Online Travel Agencies (OTAs)

The Fake Hotels Phenomenon Targeting OTAs - Travolution

Excerpt from Travolution

Fraudsters are becoming increasingly innovative, says Anthony Hynes, MD and chief executive of eNett International

The rise of fake hotels is a phenomenon that has left both consumers and online travel agents (OTAs) frustrated and out of pocket. And they're becoming more sophisticated and believable too. In recent months, the travel industry has witnessed a tidal wave of fake chalet websites, with one website, Alps-stay.com, conning unsuspecting holiday-makers out of tens of thousands of euros.

It's no wonder fraudsters are targeting consumers booking holidays – hotels in Europe saw an increase in bookings of 6% in 2017 compared to 2016. However, it's not just consumers suffering the monetary blows, OTAs are too. How? A fraudster will list a fake hotel and then use stolen credit cards to make a booking via the OTA's website. The OTA will then receive chargebacks for bookings after making a payment to the fake hotel. By this point, the fraudster will have withdrawn all the funds paid by the OTA and won't respond to any contact attempts, leaving the OTA with a financial loss.

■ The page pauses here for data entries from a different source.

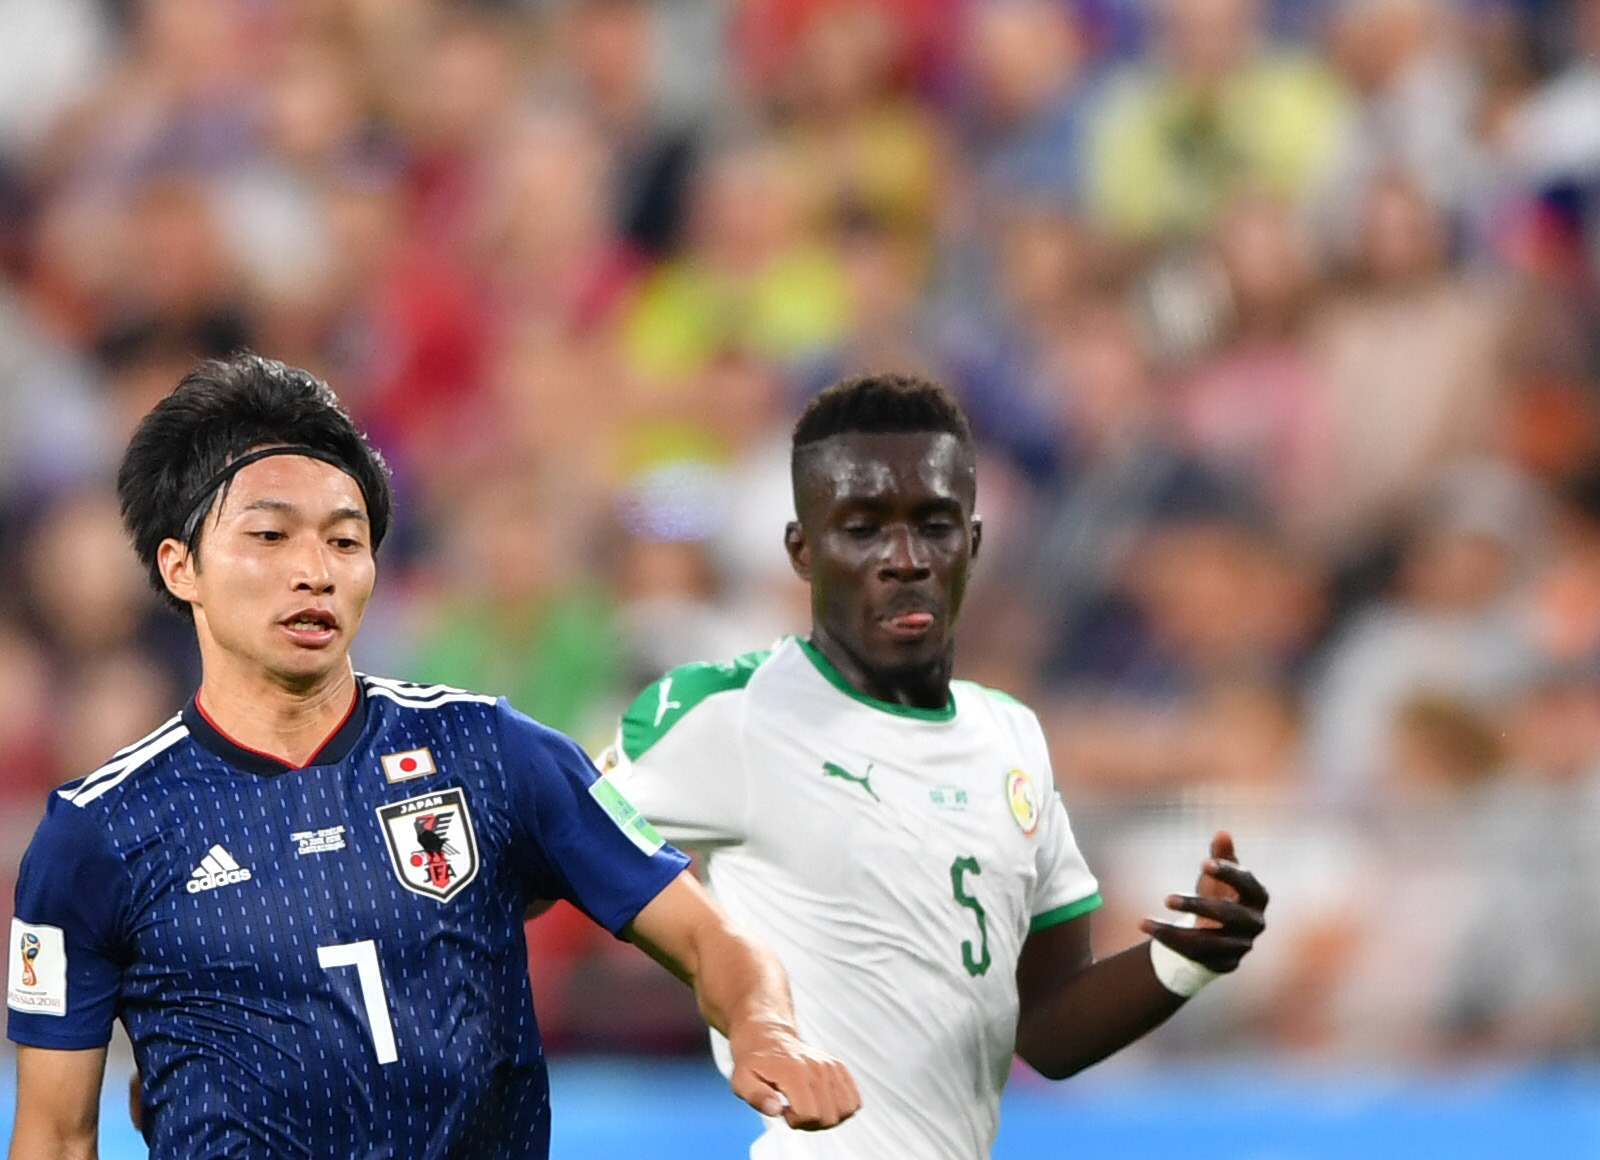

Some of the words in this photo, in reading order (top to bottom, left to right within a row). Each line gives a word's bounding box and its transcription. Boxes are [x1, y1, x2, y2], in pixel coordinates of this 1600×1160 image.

[400, 796, 443, 815] JAPAN
[186, 868, 252, 894] adidas
[423, 863, 458, 884] JFA
[950, 855, 992, 977] 5
[316, 939, 399, 1065] 7
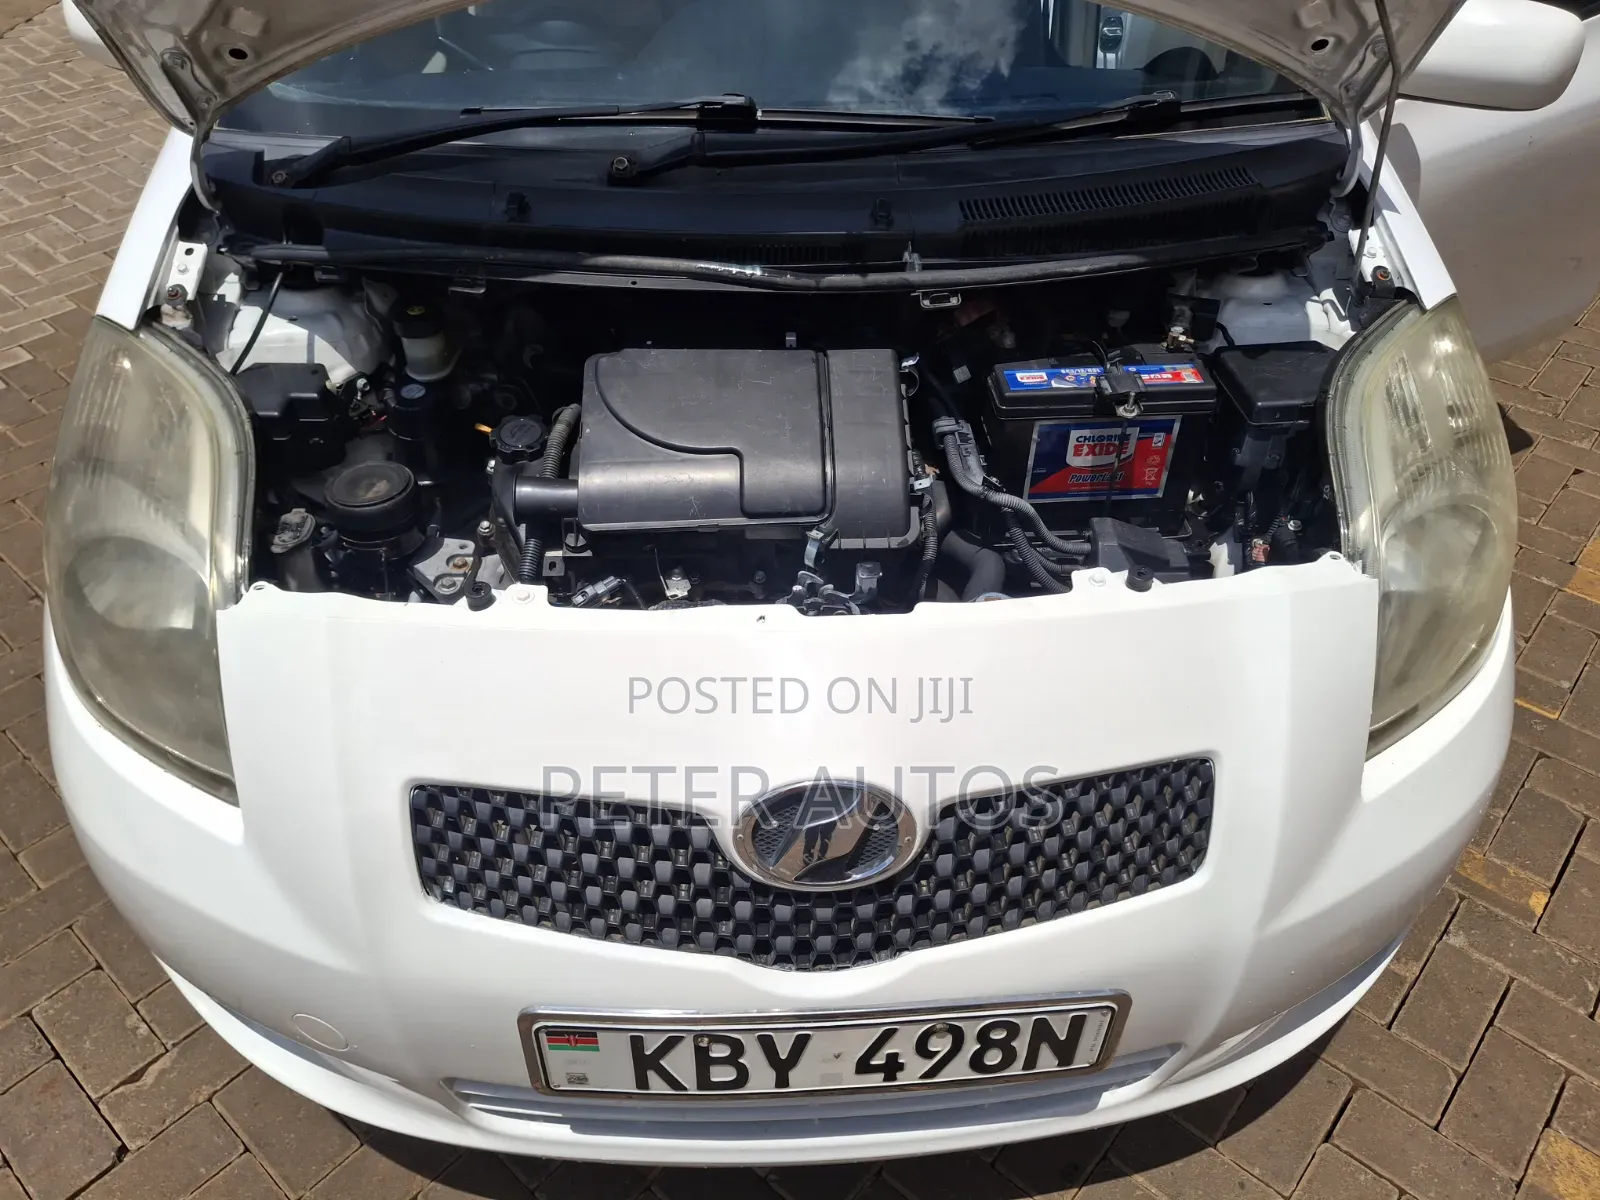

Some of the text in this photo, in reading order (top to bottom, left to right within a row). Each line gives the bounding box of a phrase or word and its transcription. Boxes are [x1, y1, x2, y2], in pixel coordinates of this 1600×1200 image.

[1072, 441, 1130, 457] EXIDE
[629, 1032, 812, 1091] KBY
[854, 1014, 1088, 1082] 498N

Fake hotels are fast becoming a massive issue for OTAs. But they aren't the only rising scam confronting the travel industry – 'inflated room prices' is also becoming more prevalent. There are instances of room prices being inflated dramatically followed by a spike in booking volume. This indicates collusion between a hotel and a fraudster. When hotels raise the cost of their rooms, fraudsters will use stolen card details to book rooms via an OTA. When the OTA receives chargebacks, the hotel can provide guest documentation that relinquishes responsibility of them being debited for the fraud. The result? The OTA takes the hit and the hotel and fraudsters split the winnings.

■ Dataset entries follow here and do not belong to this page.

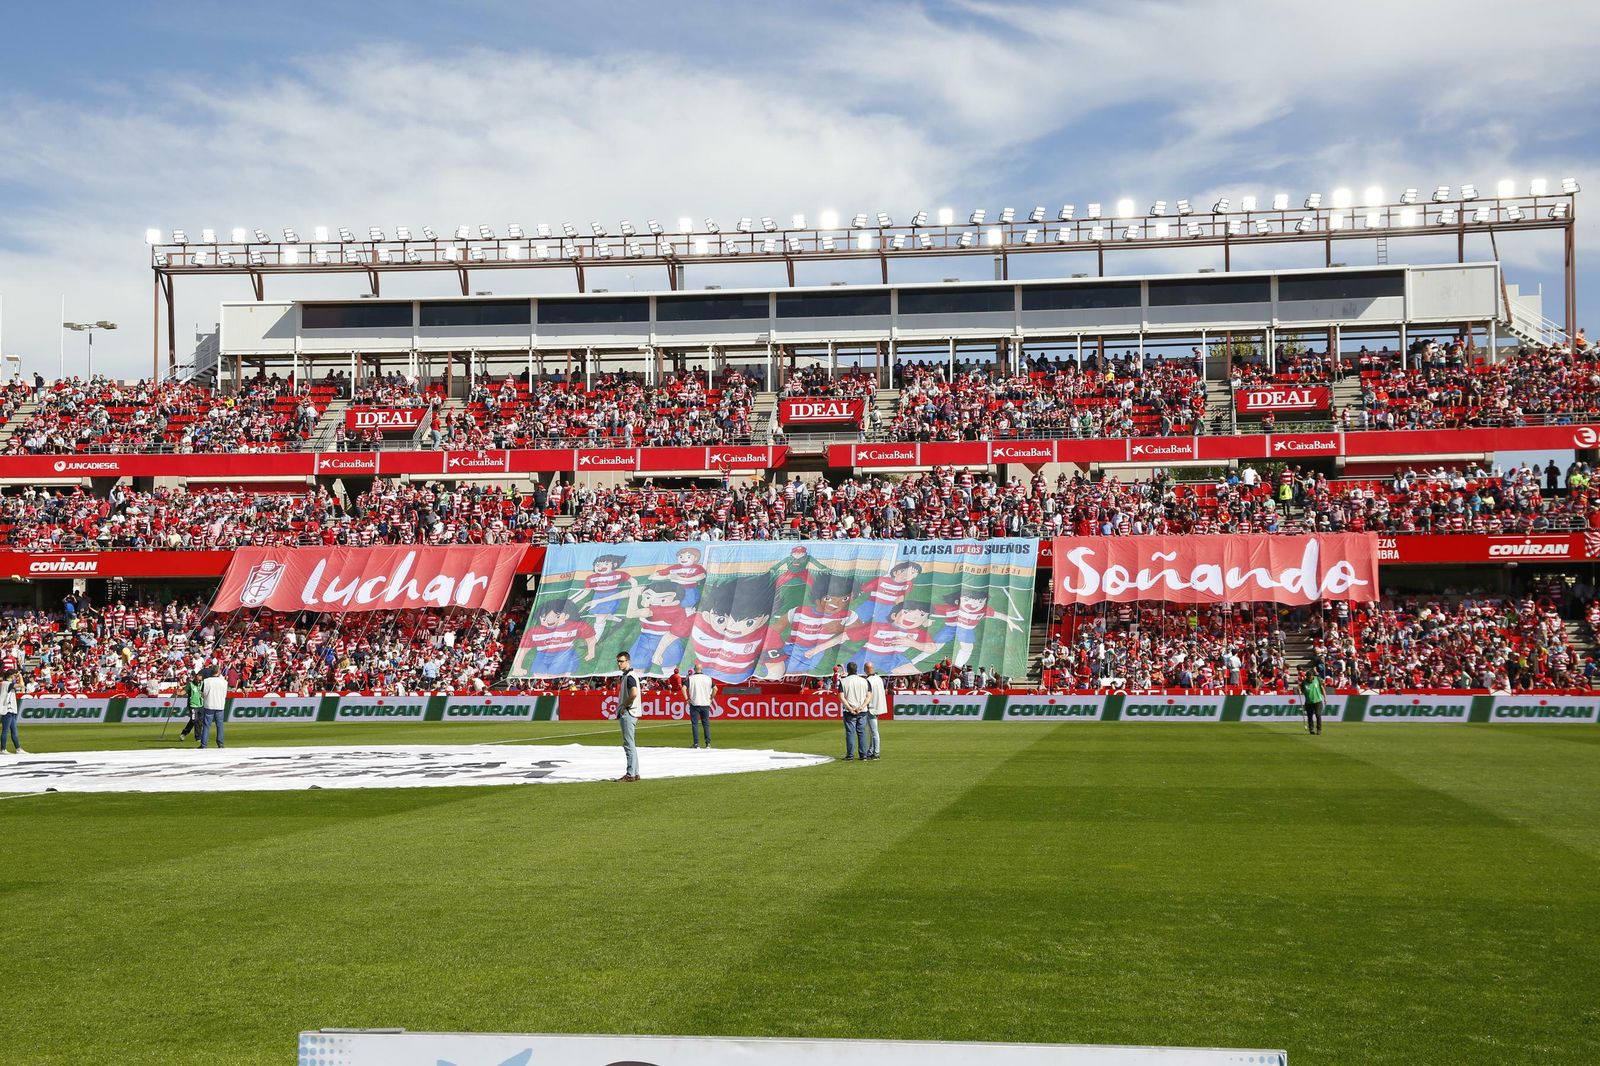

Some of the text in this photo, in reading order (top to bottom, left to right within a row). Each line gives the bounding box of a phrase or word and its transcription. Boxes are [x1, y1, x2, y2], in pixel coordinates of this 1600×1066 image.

[1247, 390, 1317, 406] IDEAL
[789, 403, 854, 417] IDEAL
[356, 411, 418, 425] IDEAL
[1145, 444, 1193, 454] CaixaBank
[1287, 441, 1337, 450] CaixaBank
[869, 450, 915, 459] CaixaBank
[1006, 447, 1052, 457] CaixaBank
[461, 457, 505, 467] CaixaBank
[591, 455, 635, 465] CaixaBank
[723, 453, 767, 463] CaixaBank
[66, 462, 119, 470] JUNCADIESEL
[331, 459, 375, 468] CaixaBank
[903, 545, 917, 555] LA
[921, 544, 952, 555] CASA
[967, 546, 981, 554] LOS
[984, 542, 1030, 555] SUEÑOS
[1063, 537, 1369, 600] Soñando

Another common trick OTAs and consumers are caught out by is ticket purchases. Using stolen credit cards, fraudsters will often sell tickets to tourist attractions on a social media platform at a discounted price. So, when the attraction date comes around, either the OTA is left out of pocket after a chargeback or the consumer is turned away for possessing a fake ticket, out of pocket and with a bad holiday experience.